Abstract:
An increasing number of large-scale multi-modal research initiatives has been conducted in the typically developing population, e.g. Dev. Cogn. Neur. 32:43-54, 2018; PLoS Med. 12(3):e1001779, 2015; Elam and Van Essen, Enc. Comp. Neur., 2013, as well as in psychiatric cohorts, e.g. Trans. Psych. 10(1):100, 2020; Mol. Psych. 19:659-667, 2014; Mol. Aut. 8:24, 2017; Eur. Child and Adol. Psych. 24(3):265-281, 2015. Missing data is a common problem in such datasets due to the difficulty of assessing multiple measures on a large number of participants. The consequences of missing data accumulate when researchers aim to integrate relationships across multiple measures. Here we aim to evaluate different imputation strategies to fill in missing values in clinical data from a large (total N = 764) and deeply phenotyped (i.e. range of clinical and cognitive instruments administered) sample of N = 453 autistic individuals and N = 311 control individuals recruited as part of the EU-AIMS Longitudinal European Autism Project (LEAP) consortium.
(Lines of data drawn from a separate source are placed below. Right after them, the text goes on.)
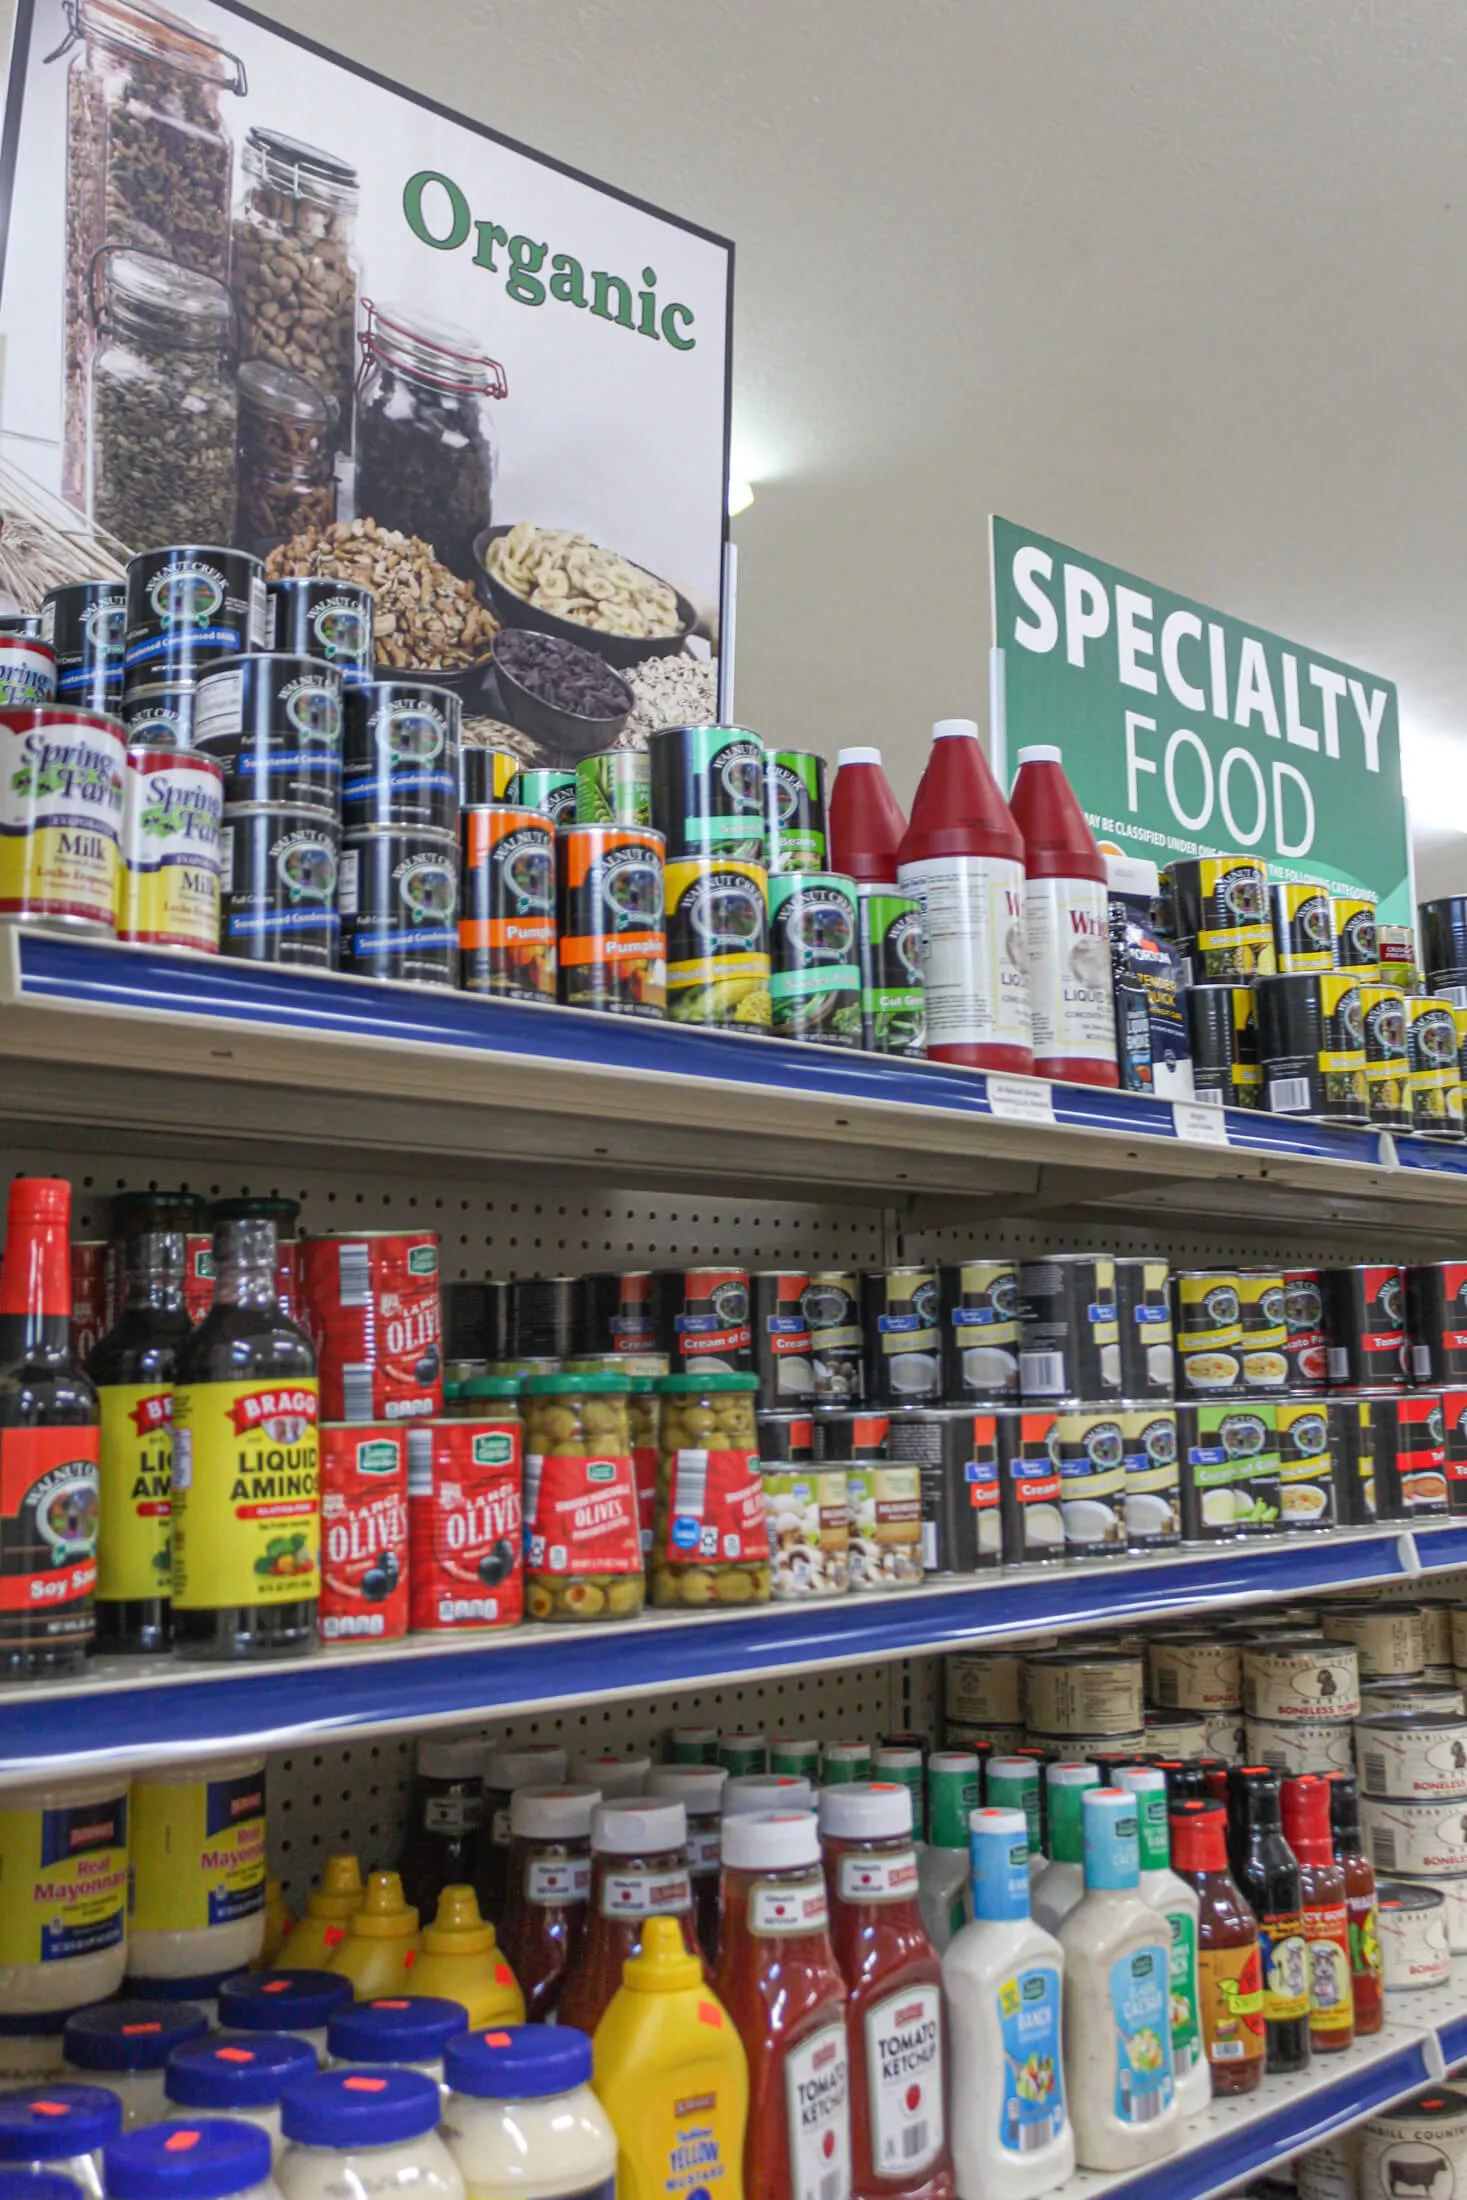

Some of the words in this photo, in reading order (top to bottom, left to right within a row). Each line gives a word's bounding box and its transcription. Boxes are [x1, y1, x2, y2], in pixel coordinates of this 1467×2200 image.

[403, 170, 696, 350] Organic
[145, 562, 190, 592] WALNUT
[190, 561, 230, 589] CREEK
[127, 639, 162, 661] weetened
[1012, 546, 1388, 773] SPECIALTY
[20, 732, 116, 780] Spring
[57, 767, 124, 812] Farm
[1124, 710, 1315, 858] FOOD
[179, 810, 221, 846] Far
[269, 829, 318, 856] WALNUT
[1102, 816, 1115, 832] BE
[1115, 818, 1167, 848] CLASSIFIED
[1167, 836, 1198, 857] UNDER
[56, 832, 107, 862] Milk
[493, 831, 544, 861] WALNUT
[391, 852, 440, 878] WALNUT
[1269, 863, 1285, 879] THE
[181, 871, 216, 897] Milk
[684, 1338, 726, 1349] Cream
[244, 1392, 317, 1418] BRAGG
[238, 1448, 317, 1474] LIQUID
[25, 1462, 86, 1506] WALNUT
[229, 1474, 317, 1501] AMINO
[574, 1500, 624, 1528] OLIVES
[30, 1580, 68, 1599] Soy
[72, 1568, 97, 1590] Sau
[1277, 1704, 1335, 1716] BONELESS
[1412, 1779, 1467, 1791] BONELESS
[236, 1826, 261, 1846] Real
[77, 1856, 111, 1878] Real
[877, 2021, 937, 2060] TOMATO
[882, 2042, 936, 2080] KETCHUP
[669, 2140, 719, 2173] YELLOW
[664, 2164, 725, 2192] MUSTARD
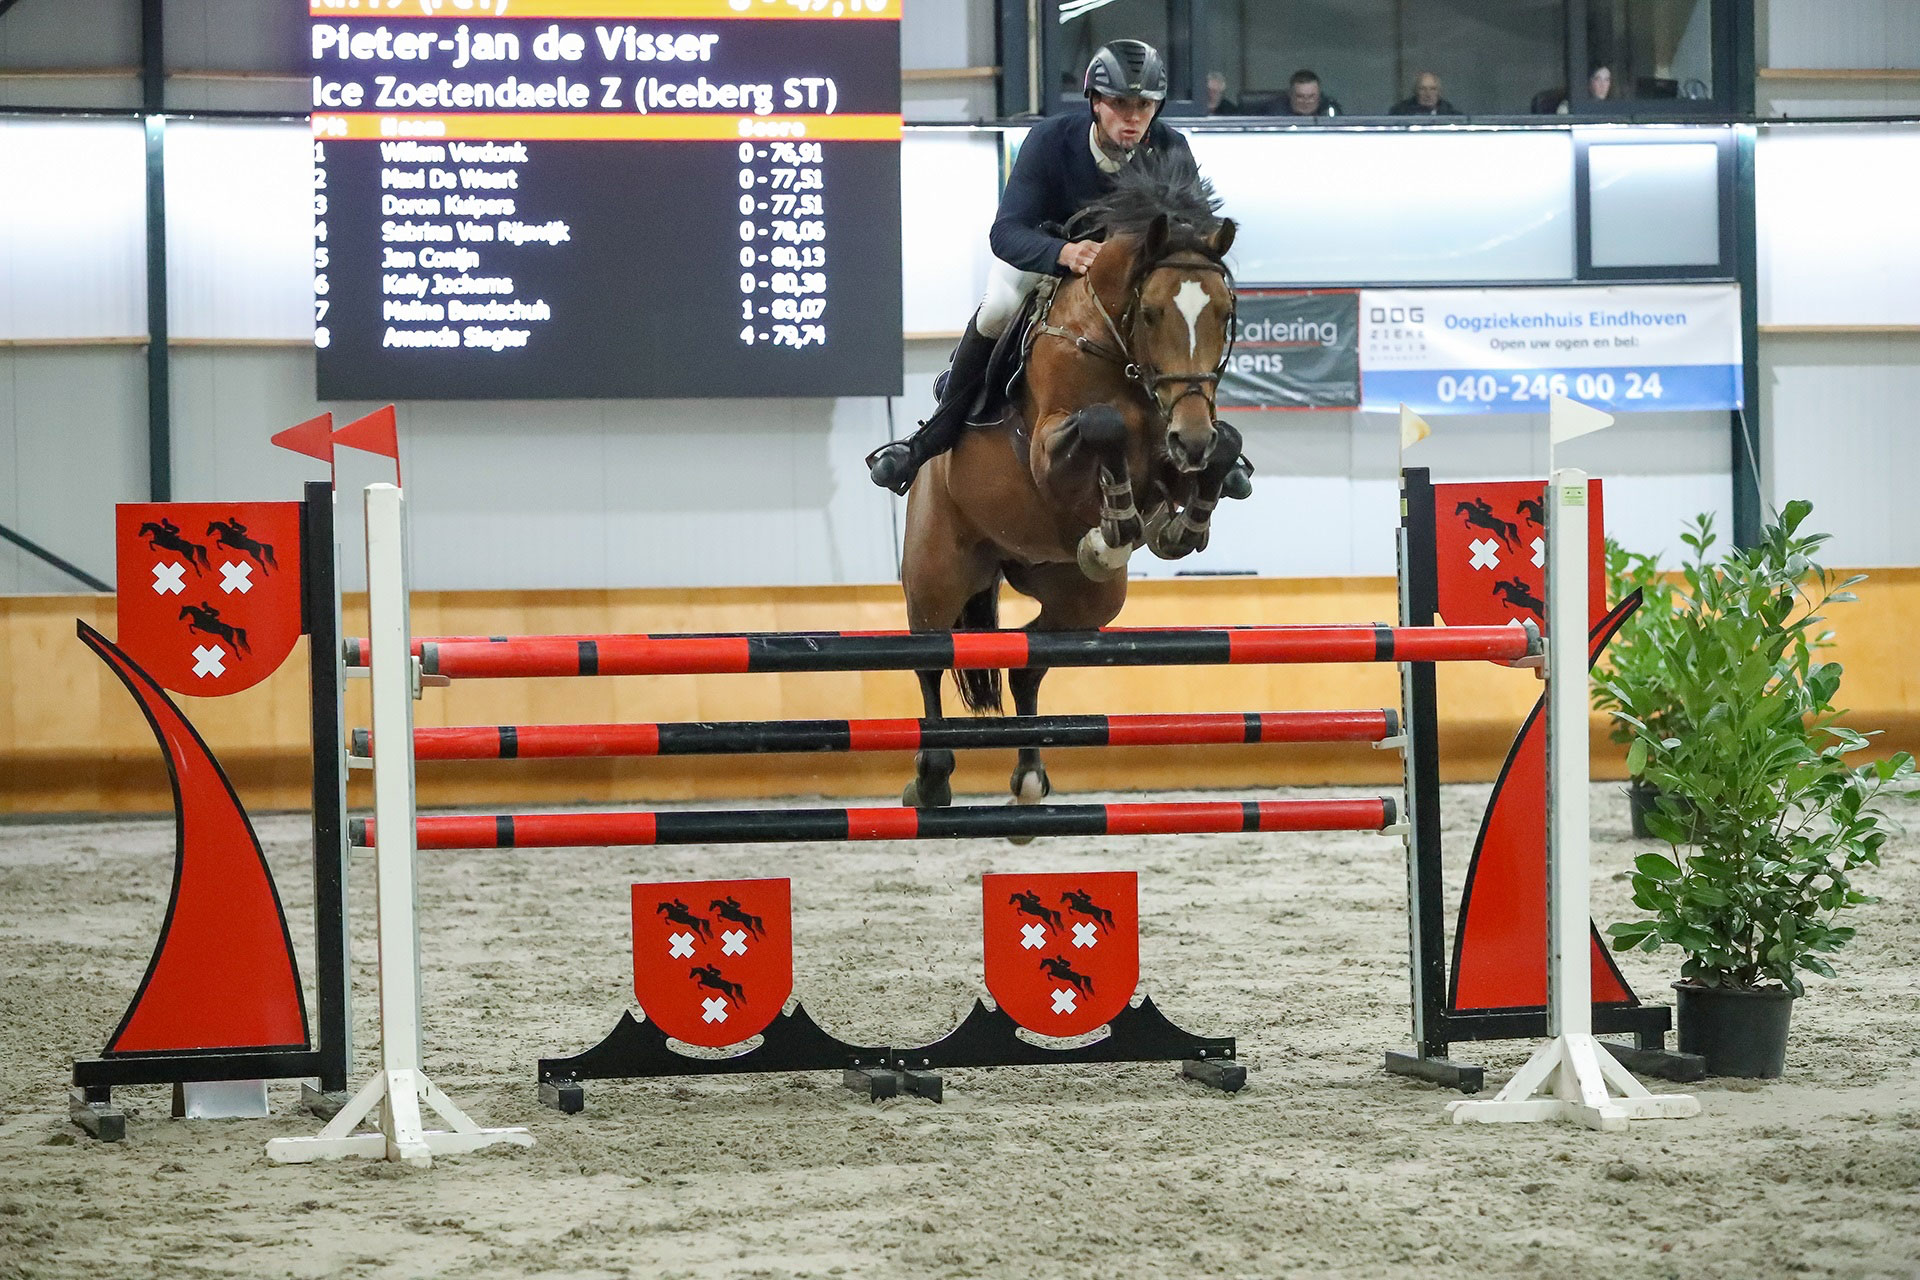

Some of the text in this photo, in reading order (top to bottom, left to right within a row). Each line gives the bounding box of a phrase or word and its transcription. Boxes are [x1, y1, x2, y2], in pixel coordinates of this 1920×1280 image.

[312, 24, 719, 68] Pieter-jan de Visser
[313, 76, 837, 115] Ice Zoetendaele Z (Iceberg ST)
[314, 142, 325, 162] 1
[449, 142, 528, 162] Verdonk
[739, 143, 753, 162] 0
[771, 143, 823, 166] 76,91
[314, 169, 327, 188] 2
[430, 169, 456, 188] De
[740, 169, 754, 188] 0
[771, 169, 823, 192] 77,51
[314, 195, 327, 214] 3
[383, 195, 440, 215] Doron
[445, 195, 515, 219] Kuipers
[740, 195, 754, 214] 0
[772, 195, 823, 218] 77,51
[313, 221, 327, 241] 4
[382, 221, 452, 241] Sabrina
[456, 222, 493, 241] Van
[740, 221, 754, 240] 0
[315, 248, 328, 267] 5
[382, 248, 415, 267] Jan
[740, 247, 755, 266] 0
[314, 274, 329, 294] 6
[741, 273, 755, 293] 0
[315, 301, 329, 320] 7
[743, 300, 753, 319] 1
[1445, 310, 1687, 333] Oogziekenhuis Eindhoven
[383, 326, 459, 347] Amanda
[741, 326, 754, 344] 4
[1490, 338, 1526, 351] Open
[1530, 340, 1551, 349] uw
[1555, 338, 1589, 350] ogen
[1593, 338, 1610, 348] en
[1437, 372, 1663, 402] 040-246 00 24
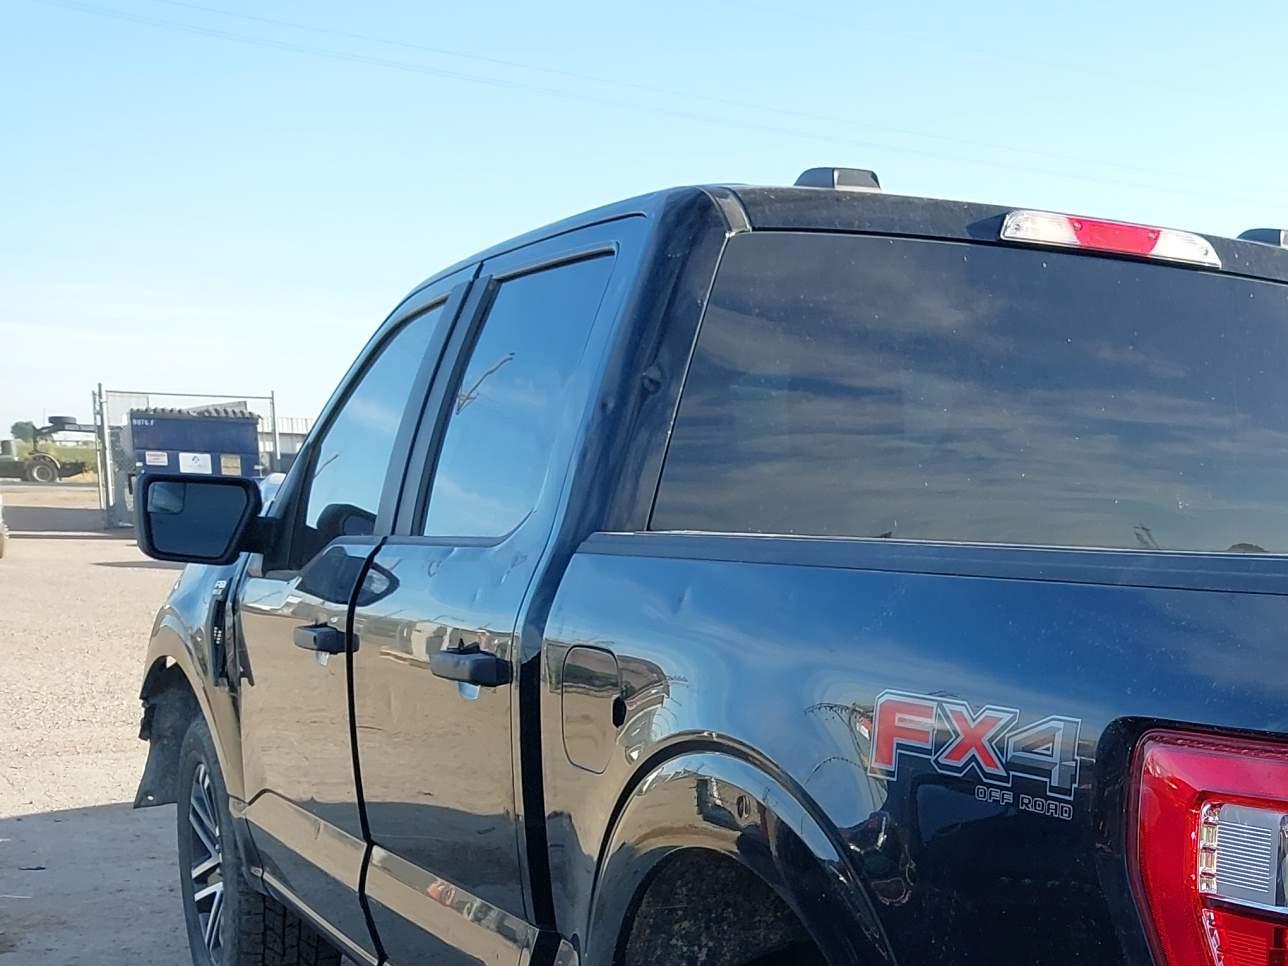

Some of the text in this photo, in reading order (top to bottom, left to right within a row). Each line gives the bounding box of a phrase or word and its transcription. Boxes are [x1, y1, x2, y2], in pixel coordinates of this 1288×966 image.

[867, 688, 1082, 800] FX4
[975, 785, 1073, 820] OFF ROAD
In particular, we consider a total of 160 clinical measures divided in 15 overlapping subsets of participants. We use two simple but common univariate strategies-mean and median imputation-as well as a Round Robin regression approach involving four independent multivariate regression models including Bayesian Ridge regression, as well as several non-linear models: Decision Trees (Extra Trees., and Nearest Neighbours regression. We evaluate the models using the traditional mean square error towards removed available data, and also consider the Kullback-Leibler divergence between the observed and the imputed distributions. We show that all of the multivariate approaches tested provide a substantial improvement compared to typical univariate approaches. Further, our analyses reveal that across all 15 data-subsets tested, an Extra Trees regression approach provided the best global results. This not only allows the selection of a unique model to impute missing data for the LEAP project and delivers a fixed set of imputed clinical data to be used by researchers working with the LEAP dataset in the future, but provides more general guidelines for data imputation in large scale epidemiological studies.
摘要:
在典型的发展中人口中开展了越来越多的大规模多模式研究活动,例如开发。Cogn.Neur.32:43-54,2018;PLoSMed。12(3):e1001779,2015;Elam和VanEssen,Enc.Comp.Neur.,2013年,以及在精神病队列中,例如Trans.心理10(1):100,2020年;摩尔。心理19:659-667,2014;Mol。Aut.2017年8:24;欧元。孩子和Adol心理24(3):265-281,2015。由于难以评估大量参与者的多种措施,因此缺少数据是此类数据集中的常见问题。当研究人员旨在整合多个指标之间的关系时,数据缺失的后果就会累积起来。在这里,我们旨在评估不同的填补策略,以填补来自N=453个自闭症个体和N=311个对照个体的大量(总计N=764)和深度表型(即所施用的临床和认知工具范围)样本的临床数据中的缺失值作为EU-AIMS纵向欧洲自闭症项目(LEAP)联盟的一部分。特别是,我们考虑总共160项临床措施,分为15个重叠的参与者亚组.我们使用两种简单但常见的单变量策略-均值和中位数插补-以及涉及四个独立的多元回归模型的RoundRobin回归方法,包括贝叶斯岭回归,以及几个非线性模型:决策树(额外的树。,和最近的邻居回归。我们使用传统的均方误差对删除的可用数据进行评估,并考虑了观测分布和估算分布之间的Kullback-Leibler分歧。我们表明,与典型的单变量方法相比,所有测试的多变量方法都提供了实质性的改进。Further,我们的分析表明,在所有15个数据子集测试中,额外的树木回归方法提供了最好的全局结果。这不仅允许选择一个独特的模型来为LEAP项目估算缺失的数据,并提供一组固定的估算临床数据,供将来使用LEAP数据集的研究人员使用。但为大规模流行病学研究中的数据填补提供了更一般的指导。